Sarkis Halladjian, David Kouřil, Haichao Miao, Eduard GröllerORCID iD, Ivan ViolaORCID iD, Tobias Isenberg
Multiscale Unfolding: Illustratively Visualizing the Whole Genome at a Glance
IEEE TRANSACTIONS ON VISUALIZATION AND COMPUTER GRAPHICS , 3:1-13, March 2021. [Image] [Paper]

Information

  • Publication Type: Journal Paper (without talk)
  • Workgroup(s)/Project(s):
  • Date: March 2021
  • DOI: 10.1109/TVCG.2021.3065443
  • Journal: IEEE TRANSACTIONS ON VISUALIZATION AND COMPUTER GRAPHICS
  • Open Access: yes
  • Volume: 3
  • Pages: 1 – 13

Abstract

We present Multiscale Unfolding, an interactive technique for illustratively visualizing multiple hierarchical scales of DNA in a single view, showing the genome at different scales and demonstrating how one scale spatially folds into the next. The DNA’s extremely long sequential structure—arranged differently on several distinct scale levels—is often lost in traditional 3D depictions, mainly due to its multiple levels of dense spatial packing and the resulting occlusion. Furthermore, interactive exploration of this complex structure is cumbersome, requiring visibility management like cut-aways. In contrast to existing temporally controlled multiscale data exploration, we allow viewers to always see and interact with any of the involved scales. For this purpose we separate the depiction into constant-scale and scale transition zones.

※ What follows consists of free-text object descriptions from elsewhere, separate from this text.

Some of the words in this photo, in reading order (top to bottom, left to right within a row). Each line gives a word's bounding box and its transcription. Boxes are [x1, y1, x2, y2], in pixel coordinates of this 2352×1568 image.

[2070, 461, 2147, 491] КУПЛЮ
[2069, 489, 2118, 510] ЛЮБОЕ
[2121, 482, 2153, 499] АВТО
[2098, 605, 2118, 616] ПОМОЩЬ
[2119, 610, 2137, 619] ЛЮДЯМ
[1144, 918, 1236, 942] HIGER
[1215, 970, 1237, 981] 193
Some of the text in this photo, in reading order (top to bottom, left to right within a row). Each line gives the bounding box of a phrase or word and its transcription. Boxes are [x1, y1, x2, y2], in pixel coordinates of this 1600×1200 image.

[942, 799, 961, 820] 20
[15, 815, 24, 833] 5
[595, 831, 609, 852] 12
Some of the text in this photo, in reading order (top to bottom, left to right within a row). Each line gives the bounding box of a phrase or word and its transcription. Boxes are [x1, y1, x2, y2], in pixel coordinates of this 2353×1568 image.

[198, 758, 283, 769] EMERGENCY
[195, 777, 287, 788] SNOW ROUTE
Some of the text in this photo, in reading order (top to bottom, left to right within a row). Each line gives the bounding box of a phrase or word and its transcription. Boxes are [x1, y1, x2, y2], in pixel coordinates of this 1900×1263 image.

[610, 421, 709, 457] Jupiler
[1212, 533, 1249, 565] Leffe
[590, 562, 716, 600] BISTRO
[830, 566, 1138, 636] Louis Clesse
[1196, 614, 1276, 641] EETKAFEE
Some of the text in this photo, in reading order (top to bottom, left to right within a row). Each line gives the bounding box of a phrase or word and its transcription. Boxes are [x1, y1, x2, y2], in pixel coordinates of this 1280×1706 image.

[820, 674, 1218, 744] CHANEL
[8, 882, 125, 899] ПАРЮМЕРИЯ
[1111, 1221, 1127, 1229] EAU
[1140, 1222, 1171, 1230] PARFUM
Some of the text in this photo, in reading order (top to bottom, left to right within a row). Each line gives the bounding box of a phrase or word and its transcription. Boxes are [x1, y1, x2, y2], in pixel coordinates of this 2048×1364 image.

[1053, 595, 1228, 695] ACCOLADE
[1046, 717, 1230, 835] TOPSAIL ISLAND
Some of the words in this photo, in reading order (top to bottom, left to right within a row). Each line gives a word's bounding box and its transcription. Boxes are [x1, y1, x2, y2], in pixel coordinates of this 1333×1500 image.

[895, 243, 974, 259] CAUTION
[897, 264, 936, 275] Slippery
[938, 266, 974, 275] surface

Constant-scale zones maintain a single-scale representation, while still linearly unfolding the DNA. Inspired by illustration, scale transition zones connect adjacent constant-scale zones via level unfolding, scaling, and transparency. We thus represent the spatial structure of the whole DNA macro-molecule, maintain its local organizational characteristics, linearize its higher-level organization, and use spatially controlled, understandable interpolation between neighboring scales. We also contribute interaction techniques that provide viewers with a coarse-to-fine control for navigating within our all-scales-in-one-view representations and visual aids to illustrate the size differences. Overall, Multiscale Unfolding allows viewers to grasp the DNA’s structural composition from chromosomes to the atoms, with increasing levels of “unfoldedness,” and can be applied in data-driven illustration and communication.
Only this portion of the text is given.